• _EXERCISE PROMPT_: Make an exact copy of every record that follows.

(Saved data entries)
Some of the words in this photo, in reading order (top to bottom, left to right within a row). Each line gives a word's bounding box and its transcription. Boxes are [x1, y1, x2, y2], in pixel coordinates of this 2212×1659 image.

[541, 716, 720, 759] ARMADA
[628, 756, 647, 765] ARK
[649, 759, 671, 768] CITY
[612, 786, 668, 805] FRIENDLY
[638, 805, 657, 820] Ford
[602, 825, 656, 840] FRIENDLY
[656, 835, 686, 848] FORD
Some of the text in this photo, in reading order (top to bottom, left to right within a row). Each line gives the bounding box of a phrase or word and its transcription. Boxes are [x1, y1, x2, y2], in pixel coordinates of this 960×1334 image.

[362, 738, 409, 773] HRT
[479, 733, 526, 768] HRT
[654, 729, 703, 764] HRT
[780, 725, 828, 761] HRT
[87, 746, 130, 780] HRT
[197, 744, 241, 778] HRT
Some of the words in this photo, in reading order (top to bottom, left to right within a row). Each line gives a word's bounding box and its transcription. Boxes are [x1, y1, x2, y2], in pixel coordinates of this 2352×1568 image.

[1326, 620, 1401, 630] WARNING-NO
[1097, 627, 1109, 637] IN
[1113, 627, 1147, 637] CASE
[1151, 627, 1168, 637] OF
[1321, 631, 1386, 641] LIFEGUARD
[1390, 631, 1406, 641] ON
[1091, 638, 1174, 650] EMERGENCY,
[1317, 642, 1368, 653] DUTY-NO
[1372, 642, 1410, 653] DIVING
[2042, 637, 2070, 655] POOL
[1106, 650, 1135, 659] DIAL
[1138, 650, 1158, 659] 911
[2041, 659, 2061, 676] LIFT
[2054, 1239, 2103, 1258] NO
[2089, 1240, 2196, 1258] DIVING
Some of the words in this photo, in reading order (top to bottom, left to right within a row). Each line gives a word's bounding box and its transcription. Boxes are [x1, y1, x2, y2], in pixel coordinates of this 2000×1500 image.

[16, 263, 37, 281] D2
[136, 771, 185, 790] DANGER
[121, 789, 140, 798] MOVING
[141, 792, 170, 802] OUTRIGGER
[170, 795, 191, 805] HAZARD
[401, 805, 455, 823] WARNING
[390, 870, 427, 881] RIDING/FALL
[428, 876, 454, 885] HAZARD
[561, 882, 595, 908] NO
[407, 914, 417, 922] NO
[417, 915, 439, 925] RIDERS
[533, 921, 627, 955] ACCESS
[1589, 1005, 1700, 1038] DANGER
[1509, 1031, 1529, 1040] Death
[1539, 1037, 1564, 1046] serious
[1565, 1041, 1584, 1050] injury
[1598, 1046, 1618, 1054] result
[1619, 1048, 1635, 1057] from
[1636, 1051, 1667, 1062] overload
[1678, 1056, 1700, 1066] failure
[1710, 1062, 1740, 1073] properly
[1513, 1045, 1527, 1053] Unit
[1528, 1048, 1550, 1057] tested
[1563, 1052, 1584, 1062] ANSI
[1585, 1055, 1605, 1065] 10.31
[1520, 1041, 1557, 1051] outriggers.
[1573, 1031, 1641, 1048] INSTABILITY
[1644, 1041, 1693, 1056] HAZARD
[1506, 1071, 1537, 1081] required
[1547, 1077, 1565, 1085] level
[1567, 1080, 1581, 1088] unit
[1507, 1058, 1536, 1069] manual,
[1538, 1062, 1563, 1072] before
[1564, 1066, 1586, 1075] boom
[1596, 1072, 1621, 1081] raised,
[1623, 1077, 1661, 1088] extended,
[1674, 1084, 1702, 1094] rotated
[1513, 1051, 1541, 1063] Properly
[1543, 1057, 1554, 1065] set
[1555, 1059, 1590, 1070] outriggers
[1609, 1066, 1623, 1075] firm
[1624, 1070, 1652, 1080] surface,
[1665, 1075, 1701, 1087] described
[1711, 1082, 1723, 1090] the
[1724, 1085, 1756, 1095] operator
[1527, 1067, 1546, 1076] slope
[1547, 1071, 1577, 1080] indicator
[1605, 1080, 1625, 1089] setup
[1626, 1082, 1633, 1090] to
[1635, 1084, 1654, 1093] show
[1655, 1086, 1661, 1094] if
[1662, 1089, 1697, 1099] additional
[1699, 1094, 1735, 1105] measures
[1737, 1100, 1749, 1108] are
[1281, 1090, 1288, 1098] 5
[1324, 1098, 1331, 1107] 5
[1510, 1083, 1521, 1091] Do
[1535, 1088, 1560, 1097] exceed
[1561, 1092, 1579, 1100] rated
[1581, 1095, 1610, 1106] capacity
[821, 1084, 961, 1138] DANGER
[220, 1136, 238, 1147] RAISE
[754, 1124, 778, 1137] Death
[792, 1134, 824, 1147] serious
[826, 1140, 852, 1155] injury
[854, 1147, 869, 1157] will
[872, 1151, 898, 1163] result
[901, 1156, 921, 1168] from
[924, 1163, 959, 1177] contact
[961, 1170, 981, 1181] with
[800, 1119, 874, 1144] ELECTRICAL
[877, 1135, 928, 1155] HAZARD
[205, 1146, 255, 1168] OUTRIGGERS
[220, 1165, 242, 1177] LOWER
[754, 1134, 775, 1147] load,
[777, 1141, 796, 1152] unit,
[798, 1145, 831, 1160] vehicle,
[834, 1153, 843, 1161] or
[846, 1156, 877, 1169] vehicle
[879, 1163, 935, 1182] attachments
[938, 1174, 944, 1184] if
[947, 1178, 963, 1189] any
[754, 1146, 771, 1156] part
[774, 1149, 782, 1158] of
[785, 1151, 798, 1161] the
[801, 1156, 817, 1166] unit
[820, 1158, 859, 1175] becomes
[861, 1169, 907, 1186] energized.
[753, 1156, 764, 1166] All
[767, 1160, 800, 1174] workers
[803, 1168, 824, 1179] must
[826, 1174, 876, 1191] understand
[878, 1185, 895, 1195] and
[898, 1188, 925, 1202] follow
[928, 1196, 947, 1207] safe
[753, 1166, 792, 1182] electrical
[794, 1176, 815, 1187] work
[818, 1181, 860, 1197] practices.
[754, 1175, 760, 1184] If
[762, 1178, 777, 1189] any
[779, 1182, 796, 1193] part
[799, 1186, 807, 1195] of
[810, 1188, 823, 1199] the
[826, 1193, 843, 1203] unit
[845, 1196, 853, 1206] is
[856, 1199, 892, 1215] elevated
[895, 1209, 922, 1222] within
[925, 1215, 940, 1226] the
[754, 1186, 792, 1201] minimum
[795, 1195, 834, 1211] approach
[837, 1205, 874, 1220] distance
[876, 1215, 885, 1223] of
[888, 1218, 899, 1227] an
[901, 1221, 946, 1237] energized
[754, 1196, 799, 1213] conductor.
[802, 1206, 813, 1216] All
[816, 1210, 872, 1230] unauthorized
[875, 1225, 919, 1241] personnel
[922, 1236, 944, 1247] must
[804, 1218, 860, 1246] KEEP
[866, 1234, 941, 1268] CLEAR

• _EXERCISE RESULT_:
Some of the words in this photo, in reading order (top to bottom, left to right within a row). Each line gives a word's bounding box and its transcription. Boxes are [x1, y1, x2, y2], in pixel coordinates of this 2212×1659 image.

[541, 716, 720, 759] ARMADA
[628, 756, 647, 765] ARK
[649, 759, 671, 768] CITY
[612, 786, 668, 805] FRIENDLY
[638, 805, 657, 820] Ford
[602, 825, 656, 840] FRIENDLY
[656, 835, 686, 848] FORD
Some of the text in this photo, in reading order (top to bottom, left to right within a row). Each line gives the bounding box of a phrase or word and its transcription. Boxes are [x1, y1, x2, y2], in pixel coordinates of this 960×1334 image.

[362, 738, 409, 773] HRT
[479, 733, 526, 768] HRT
[654, 729, 703, 764] HRT
[780, 725, 828, 761] HRT
[87, 746, 130, 780] HRT
[197, 744, 241, 778] HRT
Some of the words in this photo, in reading order (top to bottom, left to right within a row). Each line gives a word's bounding box and its transcription. Boxes are [x1, y1, x2, y2], in pixel coordinates of this 2352×1568 image.

[1326, 620, 1401, 630] WARNING-NO
[1097, 627, 1109, 637] IN
[1113, 627, 1147, 637] CASE
[1151, 627, 1168, 637] OF
[1321, 631, 1386, 641] LIFEGUARD
[1390, 631, 1406, 641] ON
[1091, 638, 1174, 650] EMERGENCY,
[1317, 642, 1368, 653] DUTY-NO
[1372, 642, 1410, 653] DIVING
[2042, 637, 2070, 655] POOL
[1106, 650, 1135, 659] DIAL
[1138, 650, 1158, 659] 911
[2041, 659, 2061, 676] LIFT
[2054, 1239, 2103, 1258] NO
[2089, 1240, 2196, 1258] DIVING
Some of the words in this photo, in reading order (top to bottom, left to right within a row). Each line gives a word's bounding box and its transcription. Boxes are [x1, y1, x2, y2], in pixel coordinates of this 2000×1500 image.

[16, 263, 37, 281] D2
[136, 771, 185, 790] DANGER
[121, 789, 140, 798] MOVING
[141, 792, 170, 802] OUTRIGGER
[170, 795, 191, 805] HAZARD
[401, 805, 455, 823] WARNING
[390, 870, 427, 881] RIDING/FALL
[428, 876, 454, 885] HAZARD
[561, 882, 595, 908] NO
[407, 914, 417, 922] NO
[417, 915, 439, 925] RIDERS
[533, 921, 627, 955] ACCESS
[1589, 1005, 1700, 1038] DANGER
[1509, 1031, 1529, 1040] Death
[1539, 1037, 1564, 1046] serious
[1565, 1041, 1584, 1050] injury
[1598, 1046, 1618, 1054] result
[1619, 1048, 1635, 1057] from
[1636, 1051, 1667, 1062] overload
[1678, 1056, 1700, 1066] failure
[1710, 1062, 1740, 1073] properly
[1513, 1045, 1527, 1053] Unit
[1528, 1048, 1550, 1057] tested
[1563, 1052, 1584, 1062] ANSI
[1585, 1055, 1605, 1065] 10.31
[1520, 1041, 1557, 1051] outriggers.
[1573, 1031, 1641, 1048] INSTABILITY
[1644, 1041, 1693, 1056] HAZARD
[1506, 1071, 1537, 1081] required
[1547, 1077, 1565, 1085] level
[1567, 1080, 1581, 1088] unit
[1507, 1058, 1536, 1069] manual,
[1538, 1062, 1563, 1072] before
[1564, 1066, 1586, 1075] boom
[1596, 1072, 1621, 1081] raised,
[1623, 1077, 1661, 1088] extended,
[1674, 1084, 1702, 1094] rotated
[1513, 1051, 1541, 1063] Properly
[1543, 1057, 1554, 1065] set
[1555, 1059, 1590, 1070] outriggers
[1609, 1066, 1623, 1075] firm
[1624, 1070, 1652, 1080] surface,
[1665, 1075, 1701, 1087] described
[1711, 1082, 1723, 1090] the
[1724, 1085, 1756, 1095] operator
[1527, 1067, 1546, 1076] slope
[1547, 1071, 1577, 1080] indicator
[1605, 1080, 1625, 1089] setup
[1626, 1082, 1633, 1090] to
[1635, 1084, 1654, 1093] show
[1655, 1086, 1661, 1094] if
[1662, 1089, 1697, 1099] additional
[1699, 1094, 1735, 1105] measures
[1737, 1100, 1749, 1108] are
[1281, 1090, 1288, 1098] 5
[1324, 1098, 1331, 1107] 5
[1510, 1083, 1521, 1091] Do
[1535, 1088, 1560, 1097] exceed
[1561, 1092, 1579, 1100] rated
[1581, 1095, 1610, 1106] capacity
[821, 1084, 961, 1138] DANGER
[220, 1136, 238, 1147] RAISE
[754, 1124, 778, 1137] Death
[792, 1134, 824, 1147] serious
[826, 1140, 852, 1155] injury
[854, 1147, 869, 1157] will
[872, 1151, 898, 1163] result
[901, 1156, 921, 1168] from
[924, 1163, 959, 1177] contact
[961, 1170, 981, 1181] with
[800, 1119, 874, 1144] ELECTRICAL
[877, 1135, 928, 1155] HAZARD
[205, 1146, 255, 1168] OUTRIGGERS
[220, 1165, 242, 1177] LOWER
[754, 1134, 775, 1147] load,
[777, 1141, 796, 1152] unit,
[798, 1145, 831, 1160] vehicle,
[834, 1153, 843, 1161] or
[846, 1156, 877, 1169] vehicle
[879, 1163, 935, 1182] attachments
[938, 1174, 944, 1184] if
[947, 1178, 963, 1189] any
[754, 1146, 771, 1156] part
[774, 1149, 782, 1158] of
[785, 1151, 798, 1161] the
[801, 1156, 817, 1166] unit
[820, 1158, 859, 1175] becomes
[861, 1169, 907, 1186] energized.
[753, 1156, 764, 1166] All
[767, 1160, 800, 1174] workers
[803, 1168, 824, 1179] must
[826, 1174, 876, 1191] understand
[878, 1185, 895, 1195] and
[898, 1188, 925, 1202] follow
[928, 1196, 947, 1207] safe
[753, 1166, 792, 1182] electrical
[794, 1176, 815, 1187] work
[818, 1181, 860, 1197] practices.
[754, 1175, 760, 1184] If
[762, 1178, 777, 1189] any
[779, 1182, 796, 1193] part
[799, 1186, 807, 1195] of
[810, 1188, 823, 1199] the
[826, 1193, 843, 1203] unit
[845, 1196, 853, 1206] is
[856, 1199, 892, 1215] elevated
[895, 1209, 922, 1222] within
[925, 1215, 940, 1226] the
[754, 1186, 792, 1201] minimum
[795, 1195, 834, 1211] approach
[837, 1205, 874, 1220] distance
[876, 1215, 885, 1223] of
[888, 1218, 899, 1227] an
[901, 1221, 946, 1237] energized
[754, 1196, 799, 1213] conductor.
[802, 1206, 813, 1216] All
[816, 1210, 872, 1230] unauthorized
[875, 1225, 919, 1241] personnel
[922, 1236, 944, 1247] must
[804, 1218, 860, 1246] KEEP
[866, 1234, 941, 1268] CLEAR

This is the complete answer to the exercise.